Virtual Schooling K-12 Becoming Mainstream
I think this is good news. Even if one parent can’t stay home to homeschool, a student can still get his education with a virtual school.
From the AP here:
As a seventh-grader, Kelsey-Anne Hizer was getting mostly D’s and F’s and felt the teachers at her Ocala middle school were not giving her the help she needed. But after switching to a virtual school for eighth grade, Kelsey-Anne is receiving more individual attention and making A’s and B’s. She’s also enthusiastic about learning, even though she has never been in the same room as her teachers.
Virtual learning is becoming ubiquitous at colleges and universities but remains in its infancy at the elementary and secondary level, where skeptics have questioned its cost and effect on children’s socialization.Estimates of elementary and secondary students taking virtual classes range from 500,000 to 1 million nationally compared to total public school enrollment of about 50 million.
Struggling students such as Kelsey-Anne, who suffers from attention deficit disorder, can take more time to finish courses while those who are gifted can go at a faster speed.

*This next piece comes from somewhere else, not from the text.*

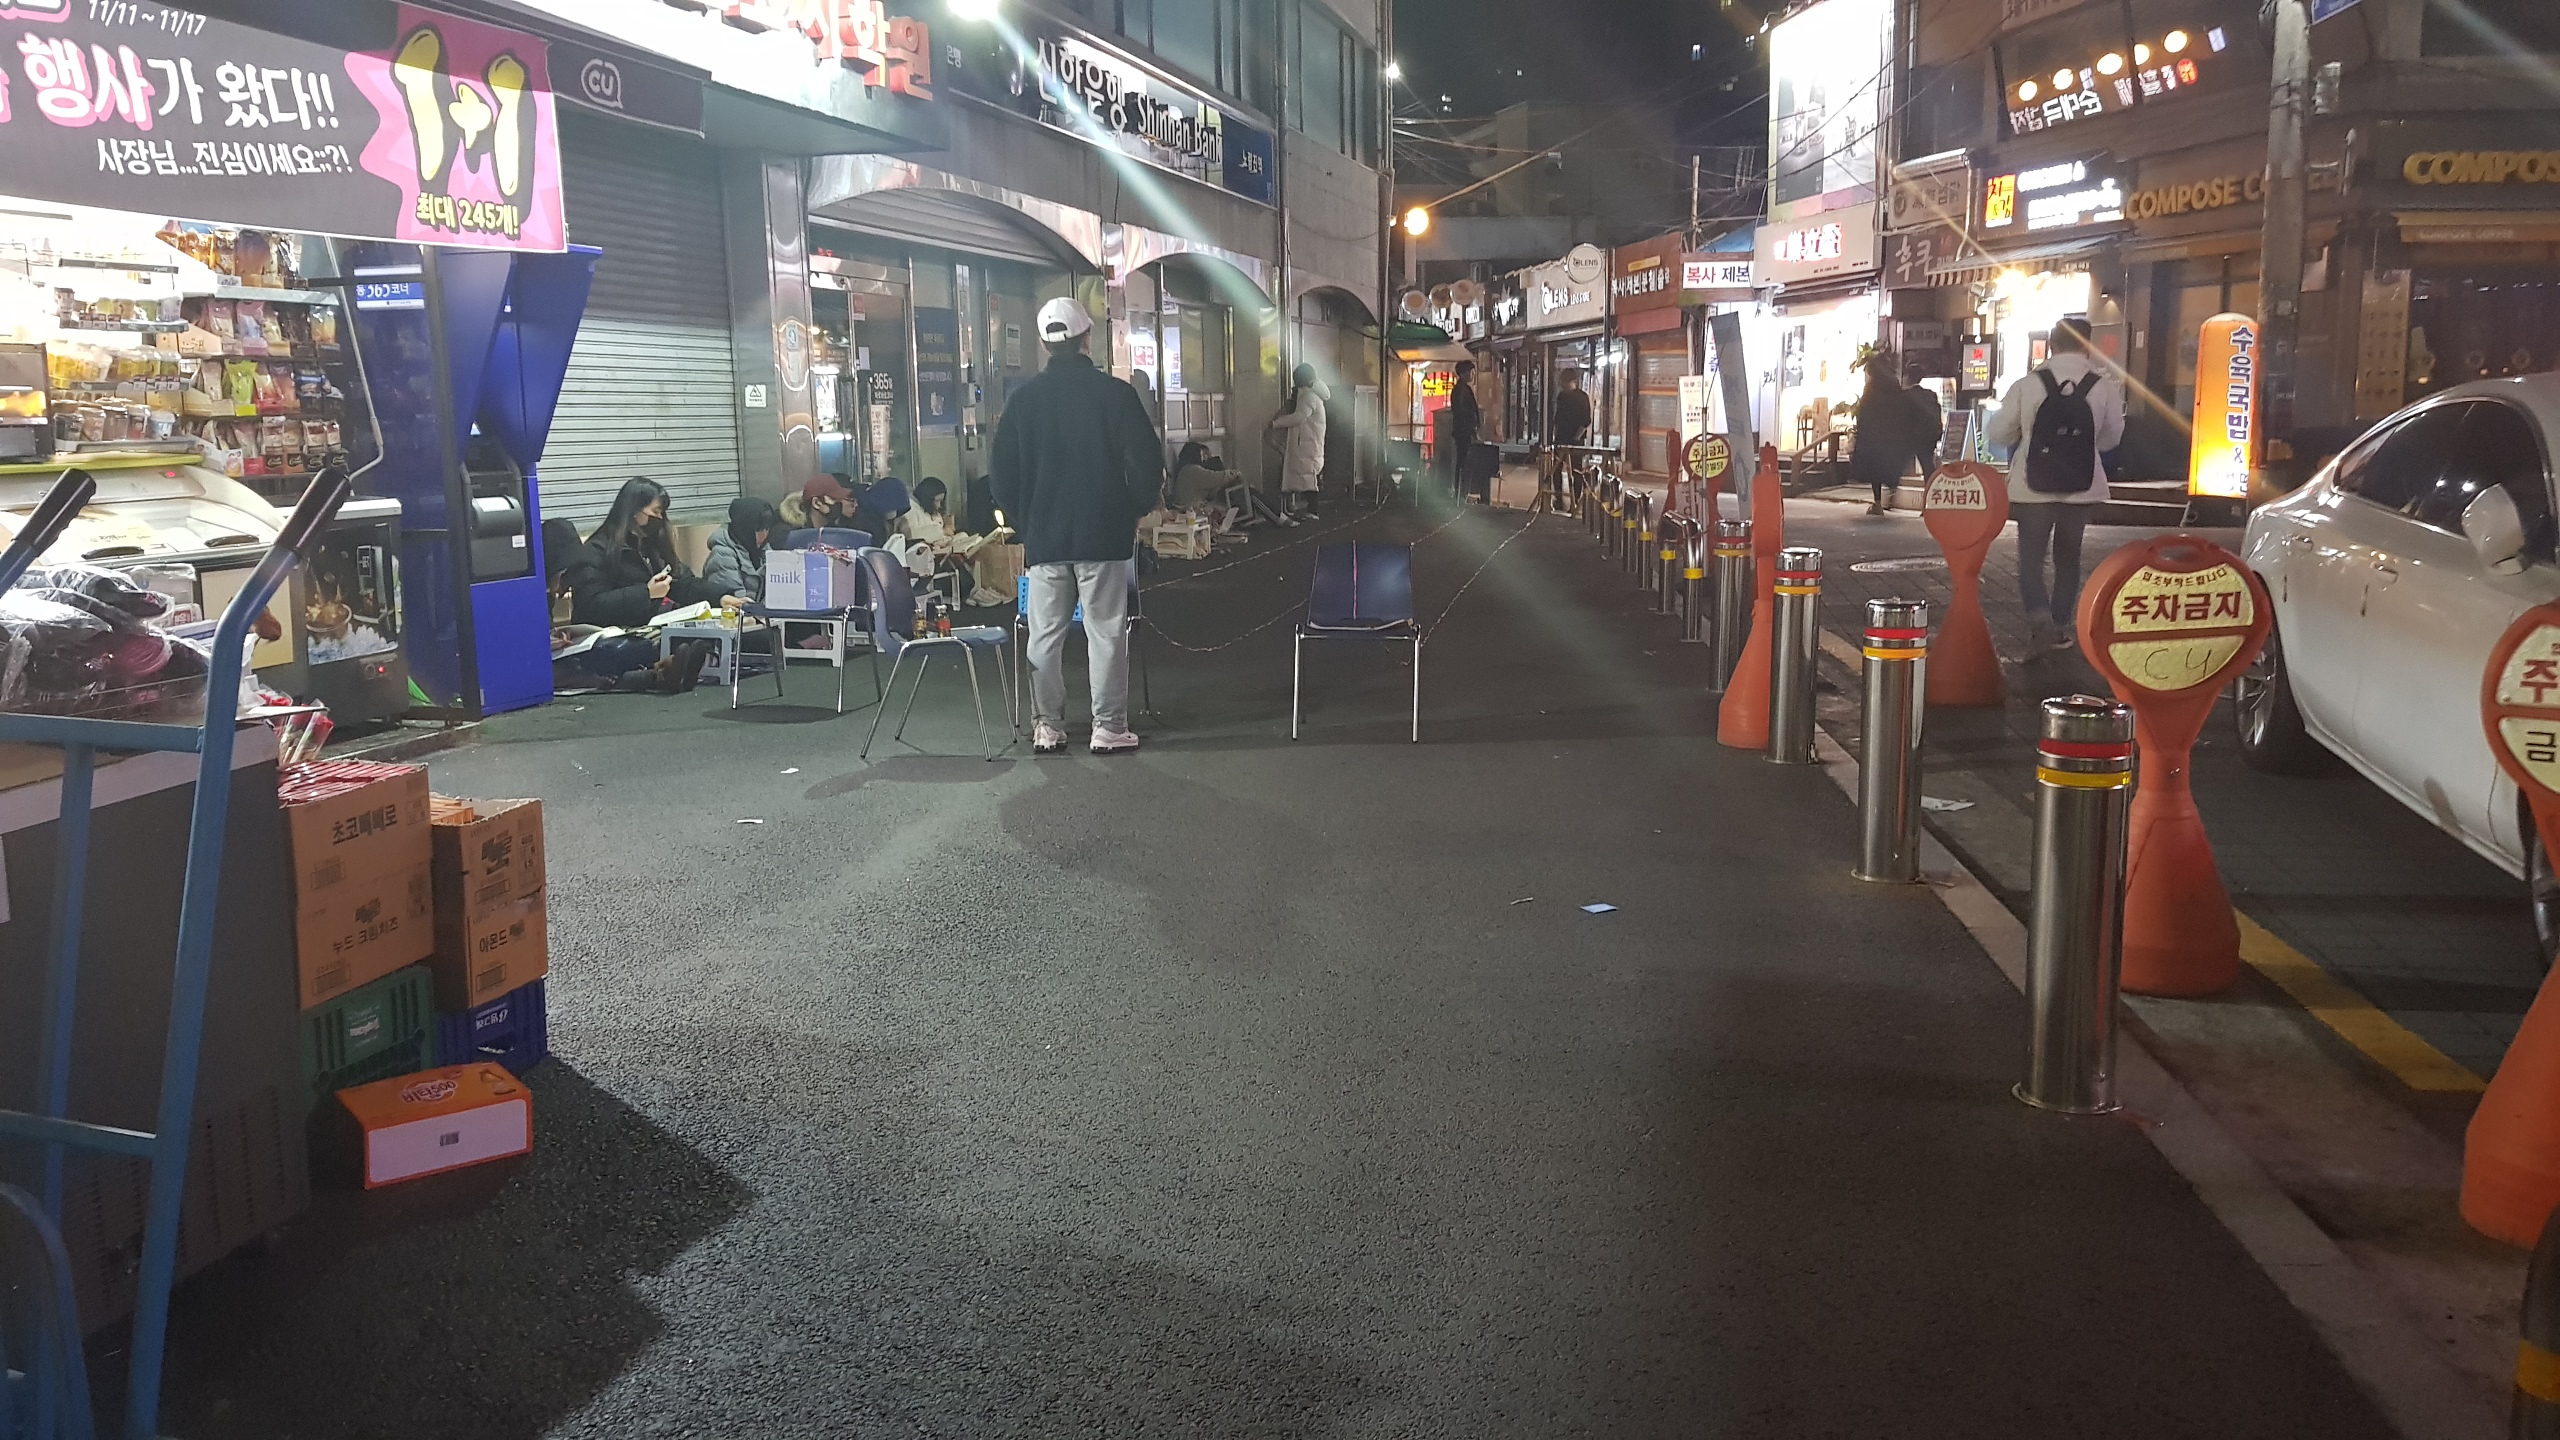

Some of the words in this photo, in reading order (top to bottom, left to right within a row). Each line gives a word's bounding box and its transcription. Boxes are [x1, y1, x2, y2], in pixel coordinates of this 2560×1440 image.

“There is something to be said for having kids in a social situation learning how to interact in society,” said state Rep. Shelley Vana. “I don’t think you get that if you’re at home.”
But virtual students get a different kind of social experience that is just as valuable, said Susan Patrick, president and CEO of the North American Council for Online Learning in Vienna, Va.

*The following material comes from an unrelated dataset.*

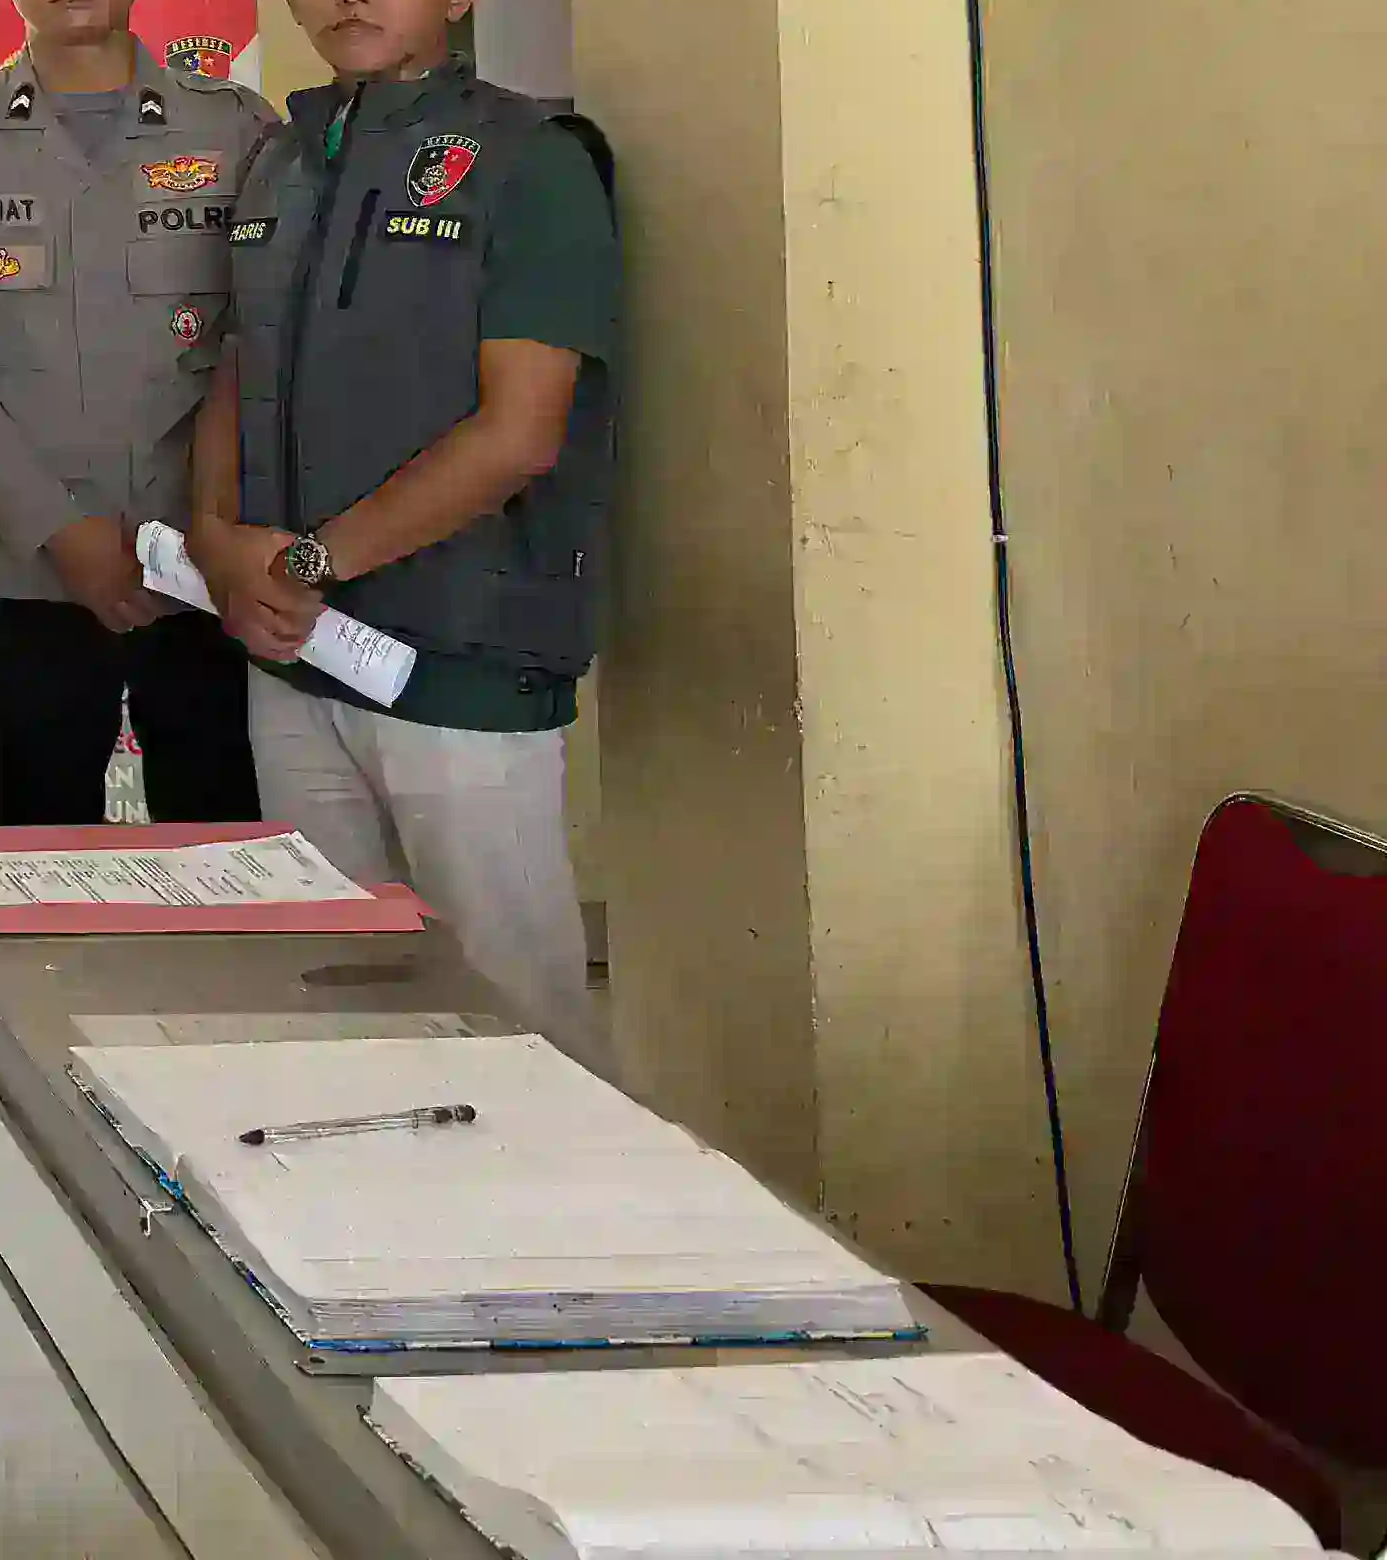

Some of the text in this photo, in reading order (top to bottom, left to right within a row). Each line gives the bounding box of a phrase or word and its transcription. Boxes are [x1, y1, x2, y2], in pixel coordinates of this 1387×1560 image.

[229, 222, 267, 241] HARIS
[387, 216, 462, 240] SUB III

“We should socialize them for the world that they live in,” she said, suggesting that people spend much of their time interacting via computer these days.
Why did this article have to quote a state representative as a so-called expert on socialization of school children? They couldn’t find an education expert? Oh, yeah, they quoted her because she is a feminist and a shill for the teachers unions.
This is Allenna Ward, a 23 year old middle school teacher from South Carolina.
When she was asked why she raped five boys she was teaching, she responded “I was only trying to socialize them.”
I like this idea a lot. I wish they had that when my son was still school age.
this whole you-need-to-go-to-school or-you’ll-be-unable-to-live-in-society argument is completely bogus and so obviously so that I can’t believe there are still people who can say these things with a straight face. Schools are BAD for socialization because it creates a childish sub-society without adults. Read what Robert Epstein has to say about adolescence and schools:
Let’s abolish high school
http://weblogs.elearning.ubc.ca/ross/archives/037351.html
quote:
Over the past century or so, we have, through a growing set of restrictions, artificially extended childhood by perhaps a decade or more, and we have also completely isolated young people from adults, severing the “child-adult continuum” that has existed throughout history.